While The Science of Sleep lacks Kaufman's ingenious plotting and complex characters, it makes up for it with a more playful tone and wild dream sequences that find Gondry unconstrained by notions of logic or plot mechanics. But this isn't simply a surreal abstraction—like Eternal Sunshine, it's a touching and heartfelt love story, alternately melancholy and joyous. It's also a personal film for Gondry, who wrote the screenplay, and main character Stephane (Gael Garcia Bernal) is obviously meant to be a stand-in for the director.

Stephane comes to Paris from Mexico following his father's death, to live in a building owned by his mother. He's saddled with grief, a language barrier (Stephane speaks Spanish and English but very little French) and a mind-numbing job pasting logos onto calendars that his mother promised would appeal to his artistic sensibilities. Luckily, he's also got an attractive and shy neighbor named Stephanie (Charlotte Gainsbourg), with whom he's instantly smitten.
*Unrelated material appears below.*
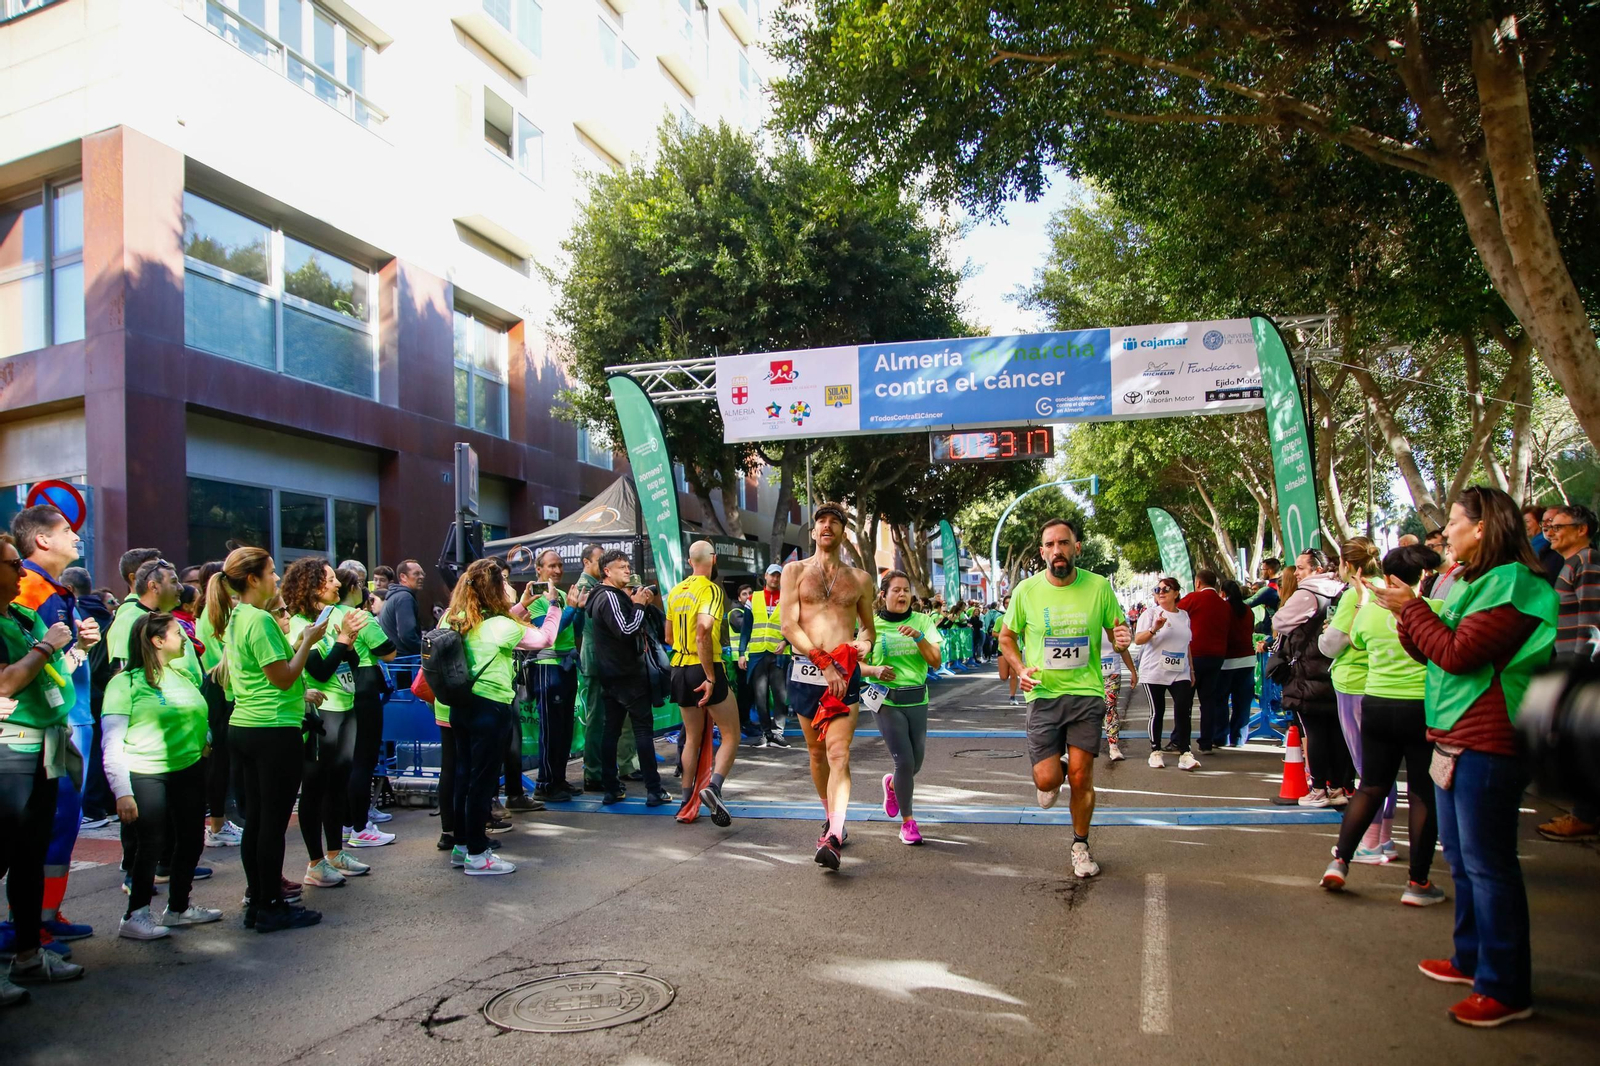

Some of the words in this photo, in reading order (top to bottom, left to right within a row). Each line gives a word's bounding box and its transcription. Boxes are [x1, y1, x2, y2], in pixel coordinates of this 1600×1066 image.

Stephane and Stephanie bond over their shared passion for eccentric art projects (Stephane pitches a calendar at work in which each month features a painting depicting a famous disaster), but the latter's shyness and the former's confusion (he at first thinks he has a thing for Stephanie's best friend) keep them apart.

If this sounds like your standard romantic comedy plot, in a lot of ways it is, and one of the strengths of Sleep is the way it takes certain romantic clichés and infuses them with excitement and creativity. While Stephane is not toiling away at his job or awkwardly attempting to romance Stephanie, he's living in a vivid dream world that often overlaps with the real one, a world in which he's in far more control than in reality, one where his annoying co-workers do his bidding, and Stephanie is madly in love with him.

It's in this world that Gondry, too, gets to be in control, filling the screen with surreal, whimsical images that fans of his music videos for Bjork, Foo Fighters and The White Stripes will instantly recognize. Without any computer effects, Gondry creates wild and sometimes hilarious depictions of Stephane's subconscious, which are both marvelous to watch and integral to the story, illuminating the worries and desires that drive Stephane in his waking life.

Although Stephane is clearly a Gondry surrogate, he doesn't always come off perfectly, and his dream-life and artistic pretensions clearly hold him back from happiness with Stephanie. A note that he writes to her while dreaming turns out to create real tension throughout the film, blurring notions of what is real and what is imagined. If Eternal Sunshine was about pursuing love despite the potential for heartbreak, Sleep is about leaving your own self-centered world to embrace the love that is right in front of you. Stephane is so enamored of his own cleverness that it often seems like he sees Stephanie as merely another art project and loves her most in his dreams when he's able to control her.

Despite (or perhaps because of) their shortcomings, you still root for Stephane and Stephanie to get together, but Gondry doesn't offer a pat resolution or an easy road ahead for his characters. What he does offer is a very funny and honest portrayal of romance among bohemians, in which the emotions are always clear and effective, even if the plotting isn't. Like the best dreams, it'll leave you a little dazed, and wishing you could close your eyes and put yourself back in its world.